Pubblicità, primi 7 mesi del 2016 in crescita del 5%
Il web cresce dell'8,2%. La tv fa il pieno con gli europei. Sassoli (Upa): "Fine anno tra il +3 e il +4%"
Il mercato degli investimenti pubblicitari in Italia nel mese di luglio cresce del 2,9%: la raccolta nei primi sette mesi dell’anno si attesta a +3,4%, rispetto allo stesso periodo del 2015, grazie a un incremento di circa 124 milioni di euro. Se si aggiungesse anche la stima della raccolta sulla porzione di web attualmente non monitorata (principalmente search e social), il mercato chiuderebbe il mese di luglio a +4,4% e i primi 7 mesi a +5%.
“I primi sette mesi del 2016 hanno confermato le aspettative di crescita trainate dagli eventi sportivi dell’estate” - spiega Alberto Dal Sasso, TAM e AIS Managing Director di Nielsen. “Il periodo che rimane fino alla chiusura dell’anno non sarà dei più semplici: le revisioni al ribasso della crescita del PIL e le incertezze nei rapporti tra partner europei non contribuiscono certamente a creare stabilità nei mercati e tra gli investitori. Ci muoviamo quindi verso una seconda parte dell’anno più piatta ma prevedibile, dopo la fine di Europei e delle Olimpiadi, che si confronta con un autunno 2015 che aveva dato buoni risultati”.
Relativamente ai singoli mezzi, si registra la brillante performance della tv che, trainata dagli Europei di calcio, cresce a luglio del +9,9%, chiudendo i primi sette mesi a +8%. Segno negativo per i quotidiani e per i periodici, che consolidano il periodo gennaio – luglio rispettivamente a -5,1% e -3%.

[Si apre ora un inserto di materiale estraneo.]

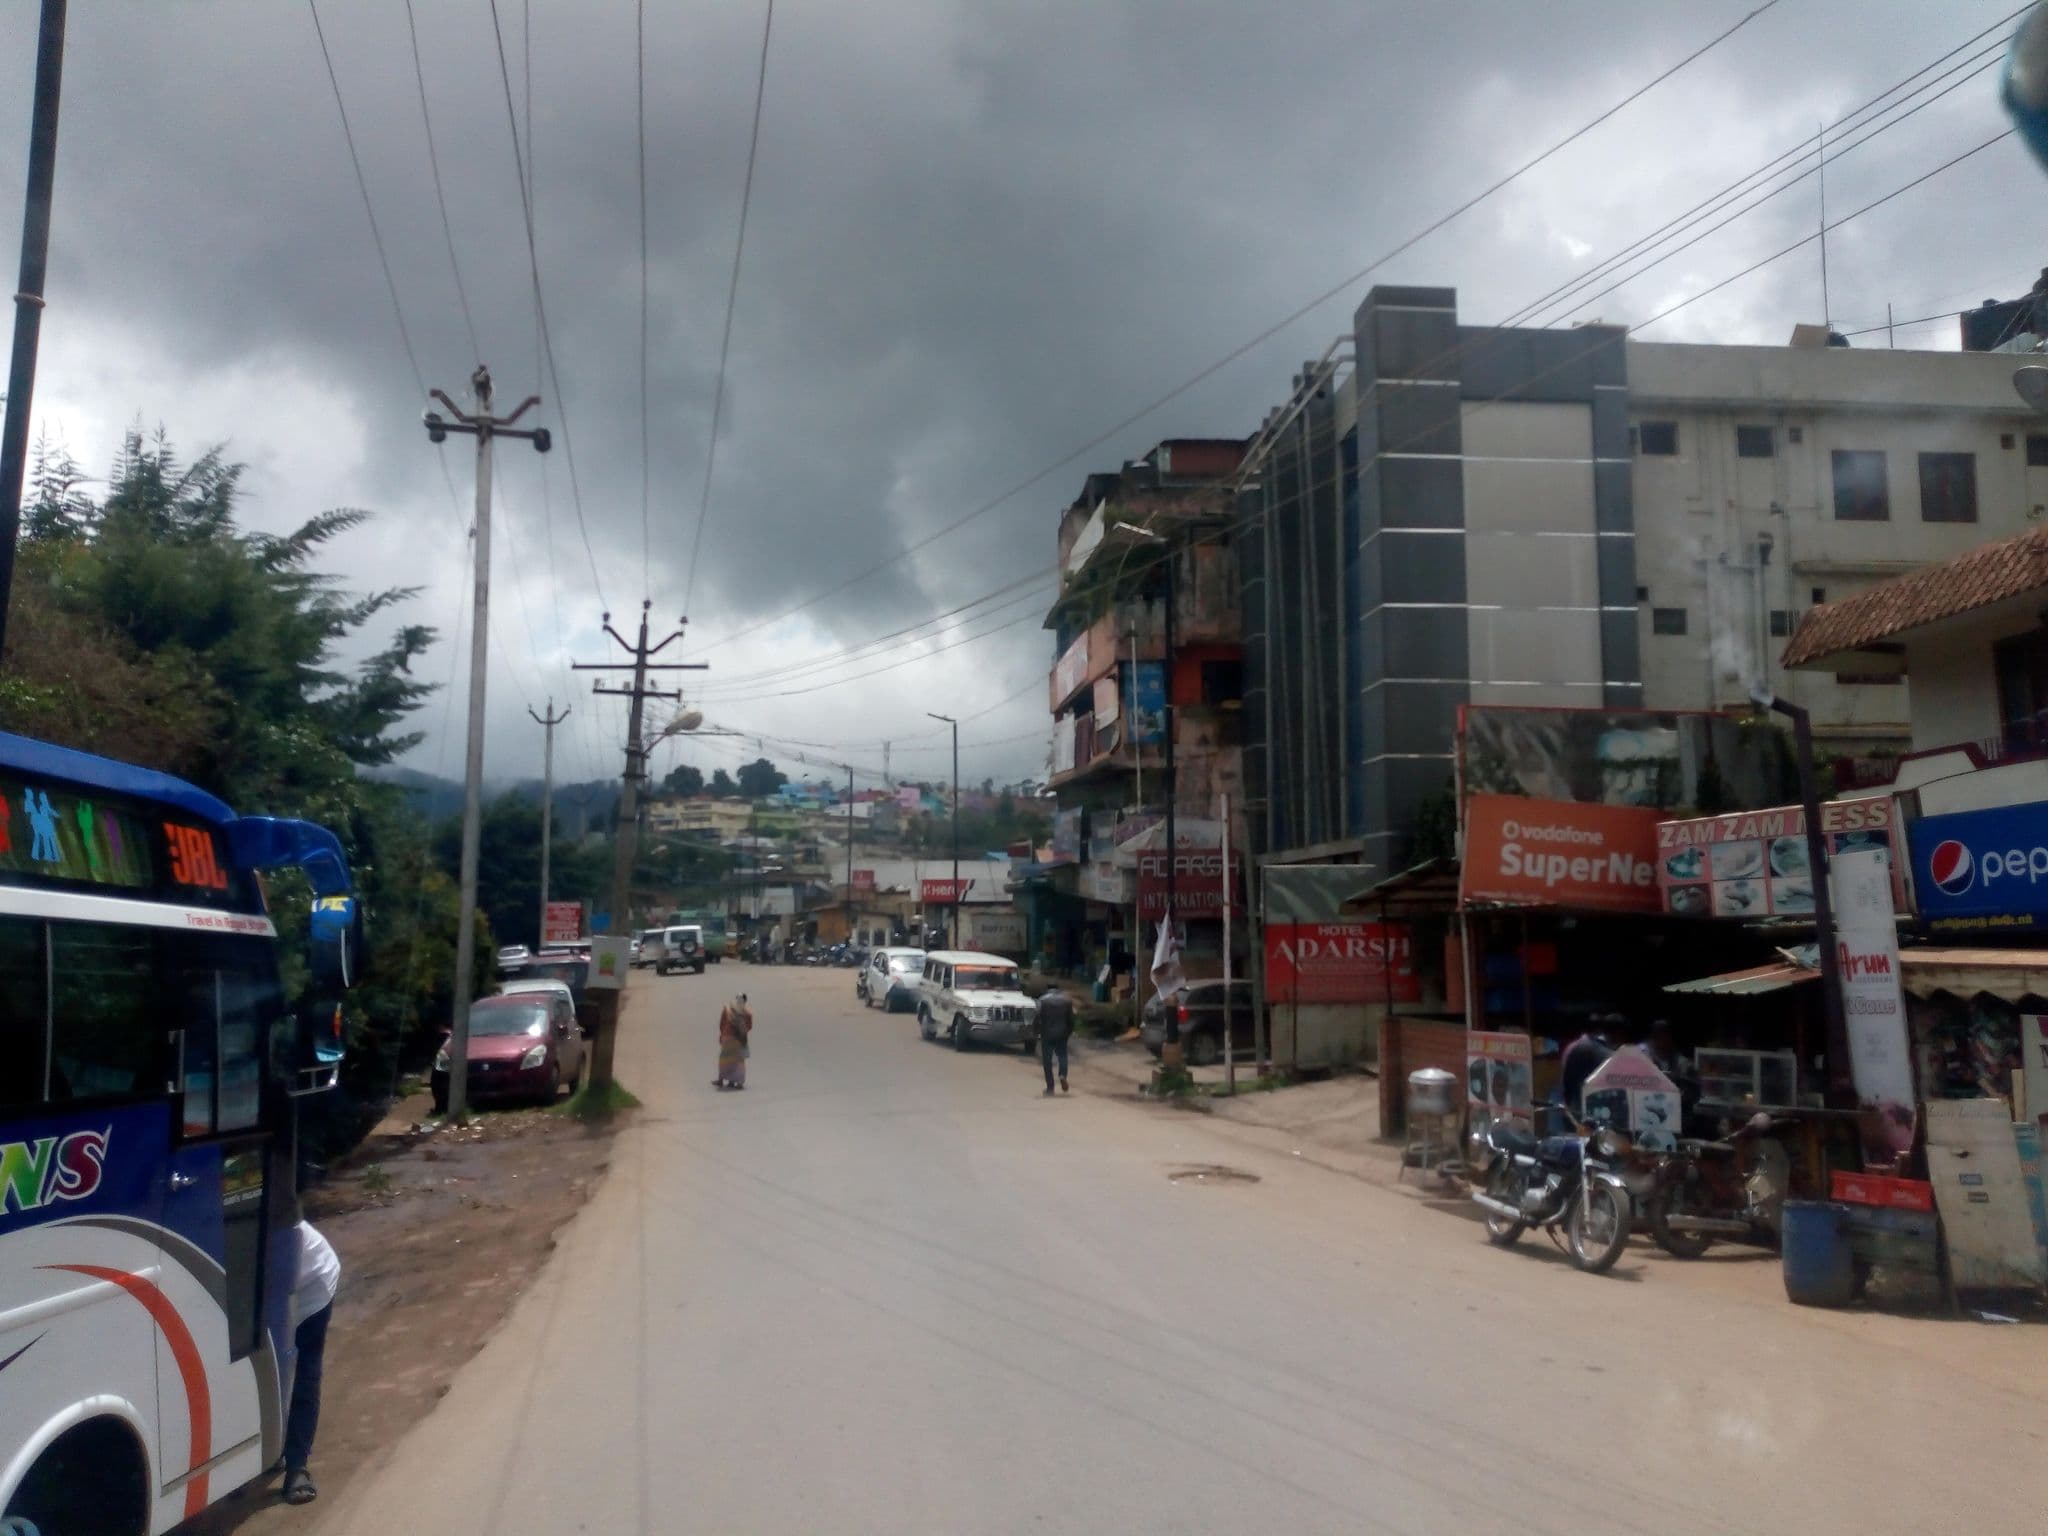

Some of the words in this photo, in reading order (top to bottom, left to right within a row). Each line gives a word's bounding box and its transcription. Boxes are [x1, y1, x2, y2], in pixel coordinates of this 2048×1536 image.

Nei sette mesi la radio rimane in positivo a +1,1%. Internet, relativamente al perimetro attualmente monitorato in dettaglio, registra un decremento dell’1,6% nel periodo cumulato e un calo a luglio del 2,6%. Integrando il dato con le stime desk di Nielsen sull’intero mondo del web advertising (aggiungendo principalmente search e social), i primi 7 mesi chiuderebbero a +8,2% (luglio a +6,8%).
Per Lorenzo Sassoli, presidente di UPA, “sui prossimi cinque mesi purtroppo a questa propensione alla crescita fa da contrappeso il clima di incertezza e imprevedibilità che gli scenari internazionali (con l’incognita del terrorismo, della guerra mediorientale, e della Brexit in Europa) e gli scenari nazionali (con l’incognita politica del referendum, e quella dell’occupazione e di una più solida ripresa economica) sembrano ad oggi motivare qualche preoccupazione fra gli investitori. La chiusura dell’anno potrebbe pertanto realisticamente attestarsi fra il +3% e il +4%”.